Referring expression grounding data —
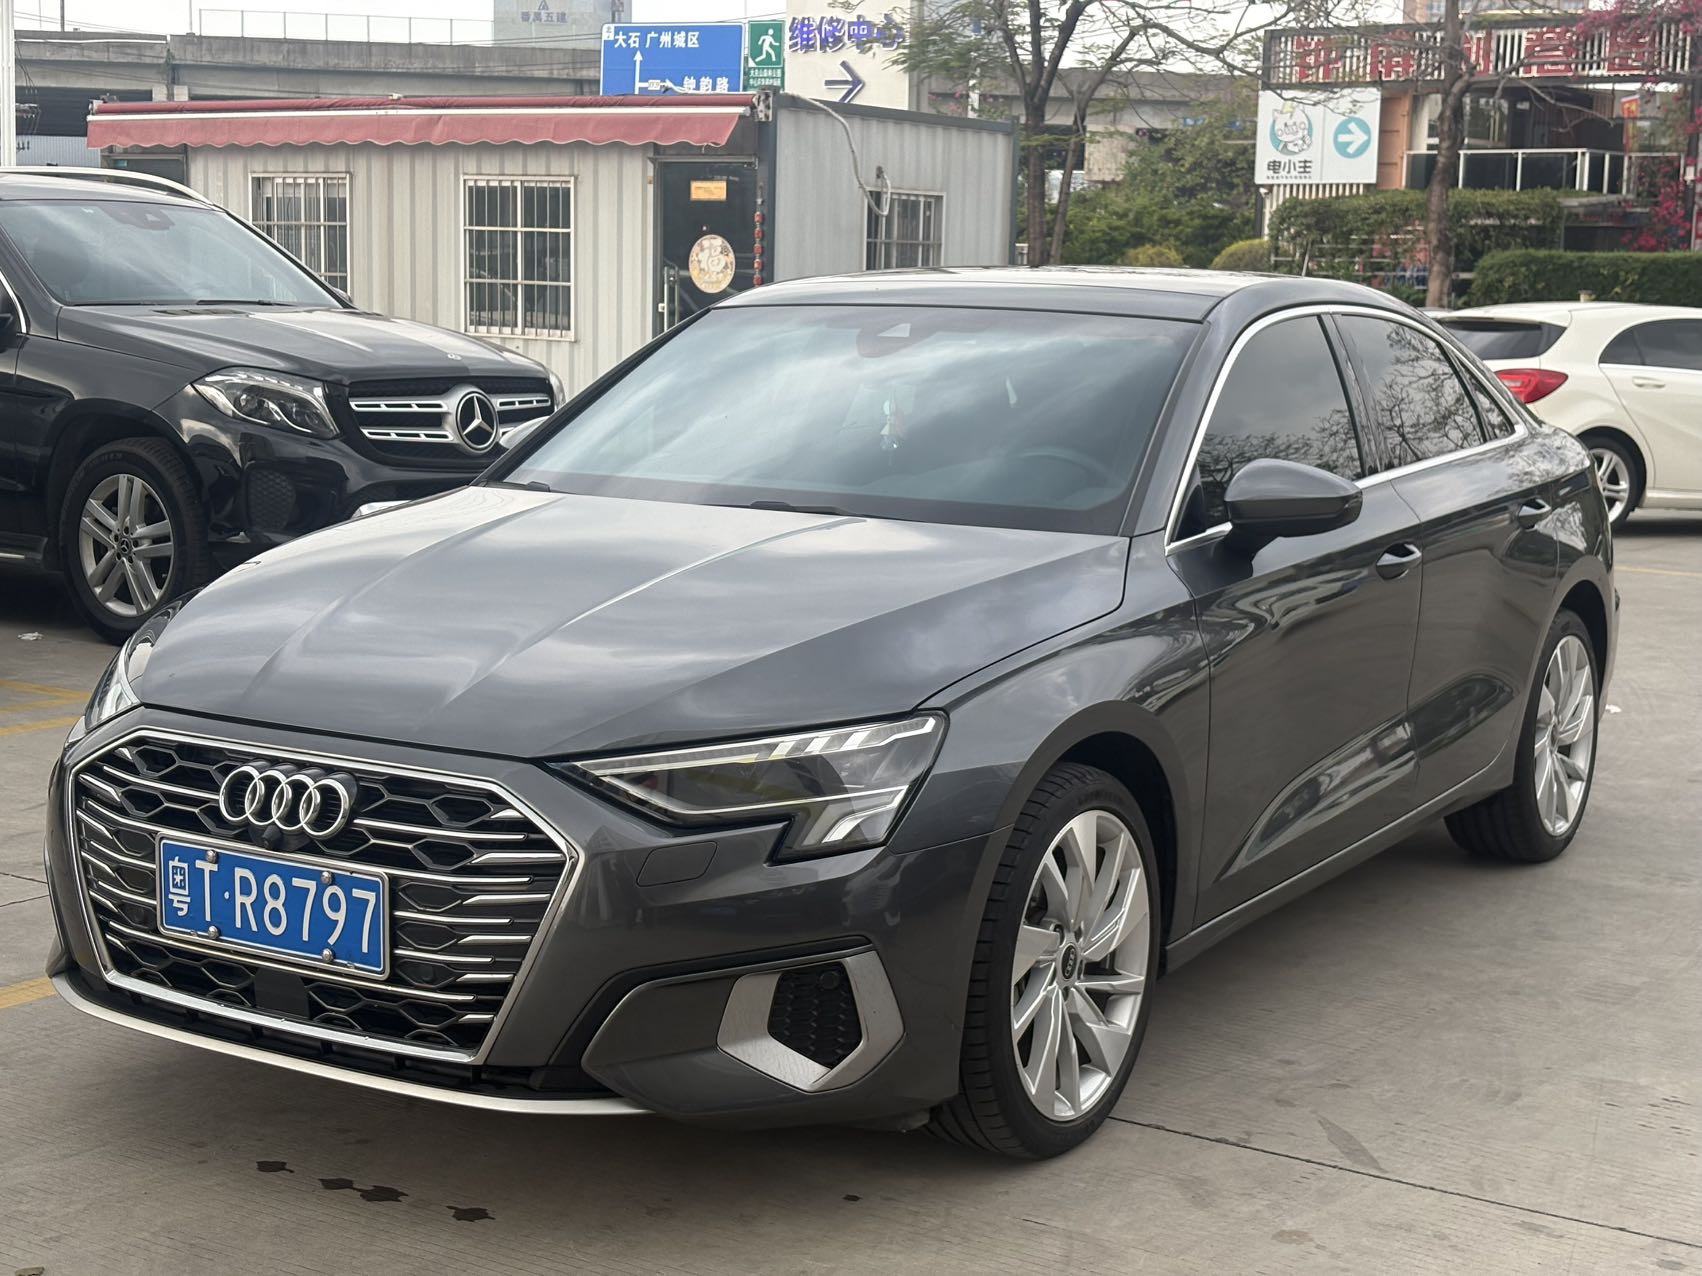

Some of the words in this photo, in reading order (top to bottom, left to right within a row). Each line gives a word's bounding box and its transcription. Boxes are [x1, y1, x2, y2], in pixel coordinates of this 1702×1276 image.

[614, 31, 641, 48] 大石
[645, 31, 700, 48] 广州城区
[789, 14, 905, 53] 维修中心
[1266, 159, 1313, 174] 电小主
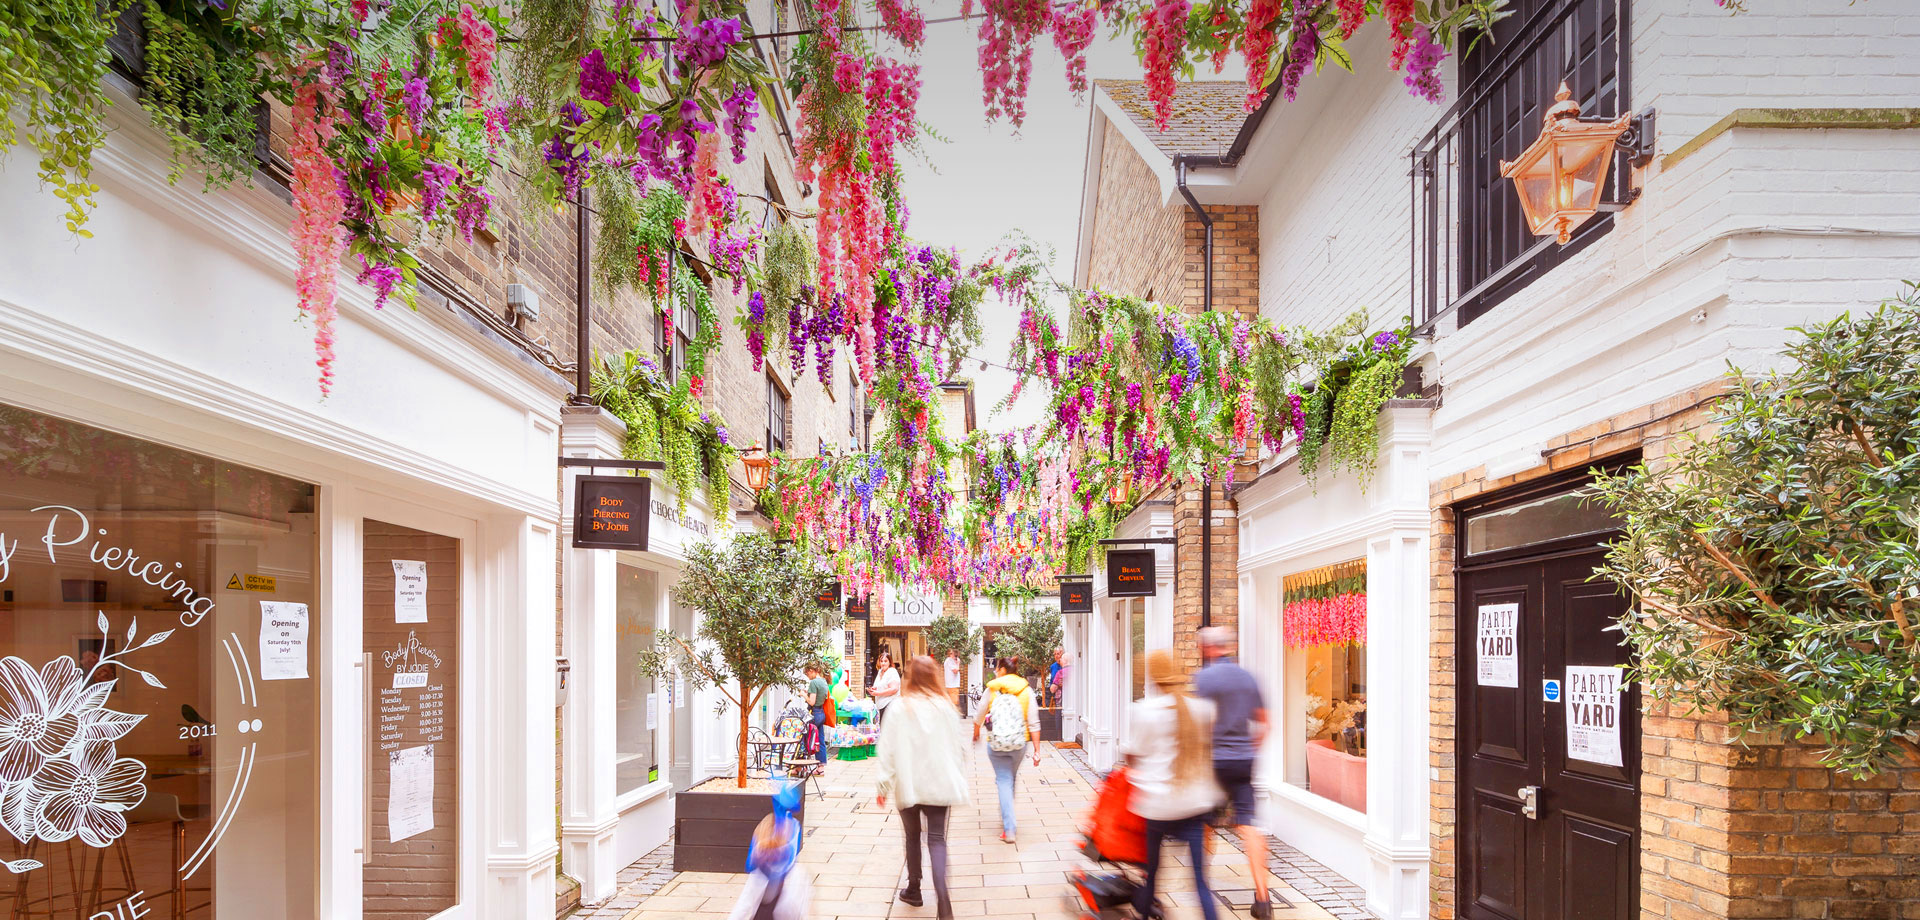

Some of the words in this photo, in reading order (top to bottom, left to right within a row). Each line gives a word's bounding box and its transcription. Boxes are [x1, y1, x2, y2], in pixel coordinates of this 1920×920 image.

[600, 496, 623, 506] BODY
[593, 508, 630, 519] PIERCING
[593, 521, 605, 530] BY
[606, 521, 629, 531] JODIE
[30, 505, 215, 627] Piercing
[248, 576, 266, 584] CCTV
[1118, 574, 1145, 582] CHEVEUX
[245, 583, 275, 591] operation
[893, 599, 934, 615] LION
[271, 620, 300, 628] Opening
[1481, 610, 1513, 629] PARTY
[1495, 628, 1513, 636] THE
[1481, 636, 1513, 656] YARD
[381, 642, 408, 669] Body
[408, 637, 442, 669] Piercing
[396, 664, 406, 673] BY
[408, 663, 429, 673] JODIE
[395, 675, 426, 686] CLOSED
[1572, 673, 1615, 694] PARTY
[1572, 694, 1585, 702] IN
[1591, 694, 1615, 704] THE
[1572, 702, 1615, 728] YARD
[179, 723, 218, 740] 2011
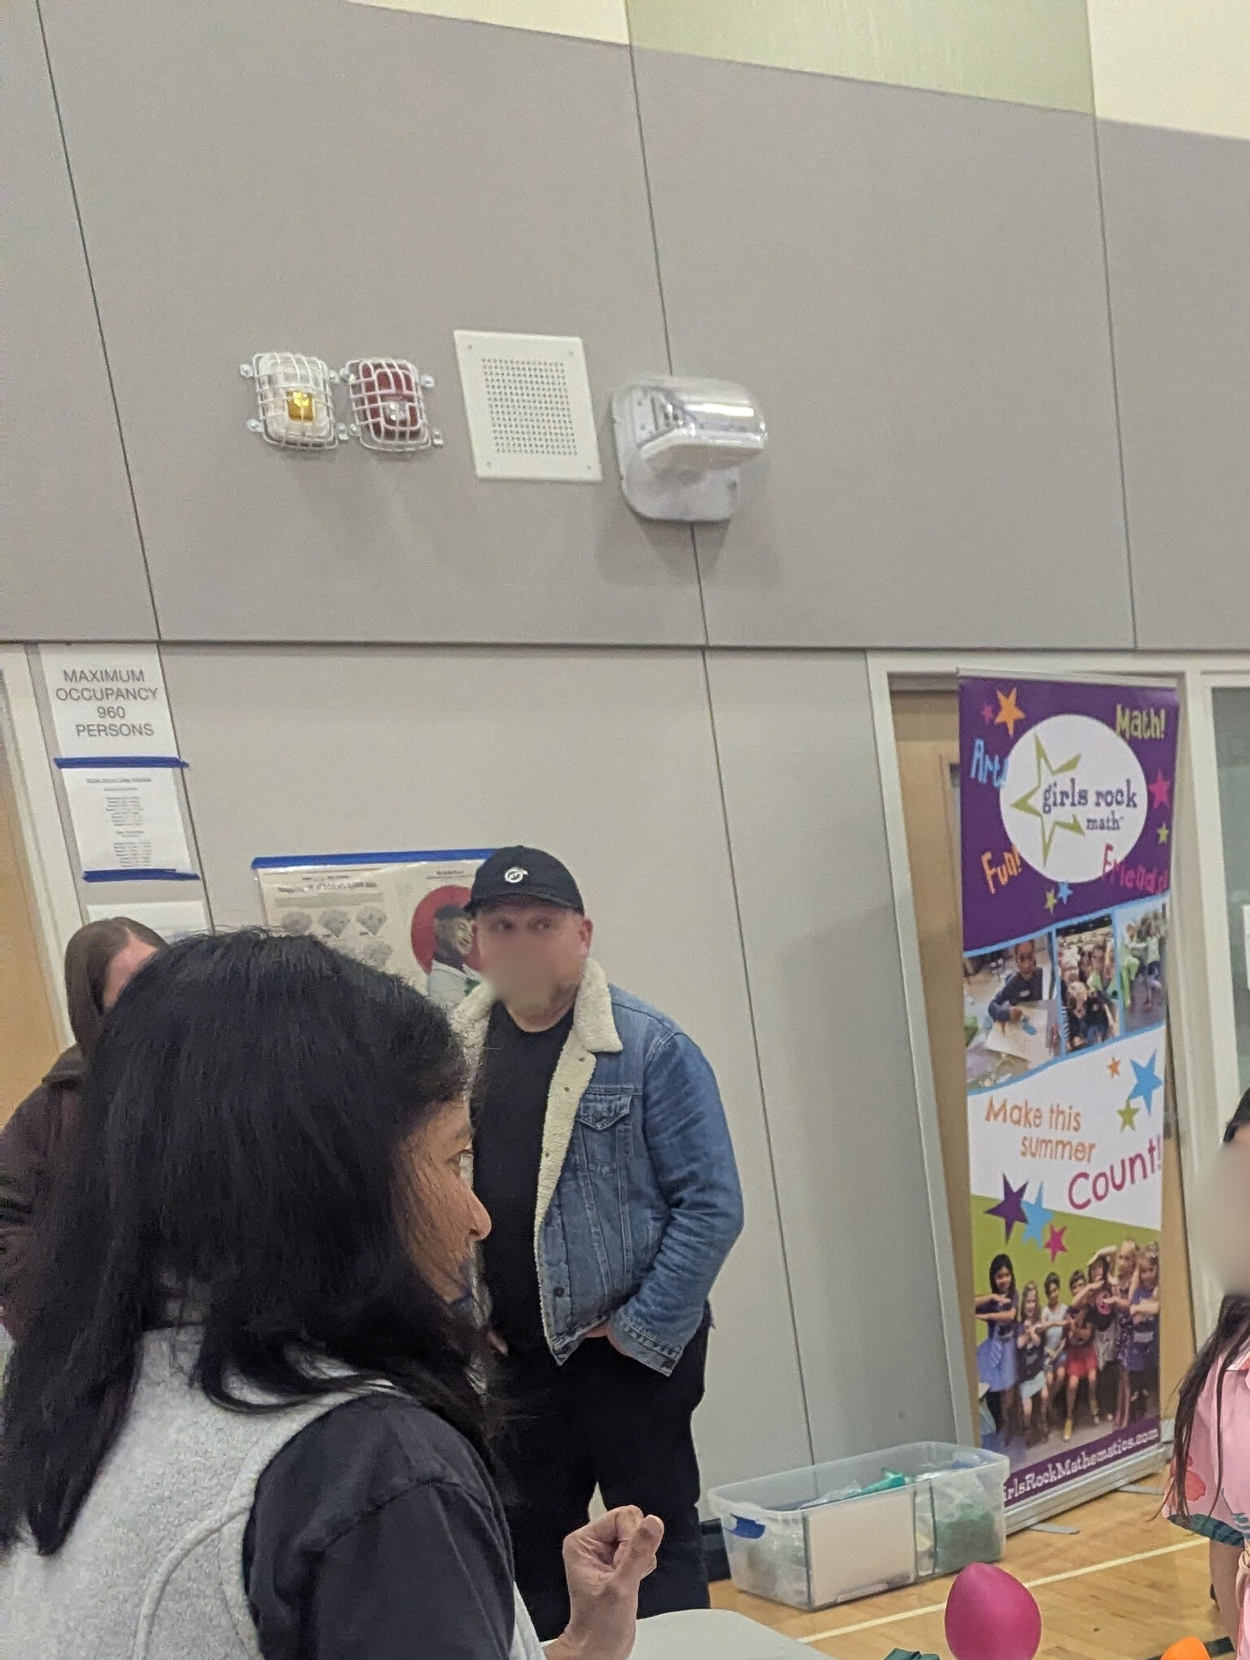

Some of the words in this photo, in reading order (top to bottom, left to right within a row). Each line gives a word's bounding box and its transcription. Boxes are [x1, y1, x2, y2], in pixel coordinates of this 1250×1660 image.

What the task asks —
Output the data verbatim, images excluded.

Response box —
Some of the words in this photo, in reading order (top to bottom, left to right within a row). Each line gives a word's bounding box and its transcription. Boxes are [x1, y1, x2, y2], in pixel coordinates of this 1702×1276 image.

[614, 31, 641, 48] 大石
[645, 31, 700, 48] 广州城区
[789, 14, 905, 53] 维修中心
[1266, 159, 1313, 174] 电小主

Some of the words in this photo, in reading order (top to bottom, left to right within a row). Each line gives a word's bounding box and its transcription. Boxes are [x1, y1, x2, y2], in pixel coordinates of this 1920×920 image.

[600, 496, 623, 506] BODY
[593, 508, 630, 519] PIERCING
[593, 521, 605, 530] BY
[606, 521, 629, 531] JODIE
[30, 505, 215, 627] Piercing
[248, 576, 266, 584] CCTV
[1118, 574, 1145, 582] CHEVEUX
[245, 583, 275, 591] operation
[893, 599, 934, 615] LION
[271, 620, 300, 628] Opening
[1481, 610, 1513, 629] PARTY
[1495, 628, 1513, 636] THE
[1481, 636, 1513, 656] YARD
[381, 642, 408, 669] Body
[408, 637, 442, 669] Piercing
[396, 664, 406, 673] BY
[408, 663, 429, 673] JODIE
[395, 675, 426, 686] CLOSED
[1572, 673, 1615, 694] PARTY
[1572, 694, 1585, 702] IN
[1591, 694, 1615, 704] THE
[1572, 702, 1615, 728] YARD
[179, 723, 218, 740] 2011

Some of the words in this photo, in reading order (top to bottom, left to right within a row). Each line gives a word's bounding box and its transcription. Boxes are [x1, y1, x2, y2], in pixel coordinates of this 1250×1660 image.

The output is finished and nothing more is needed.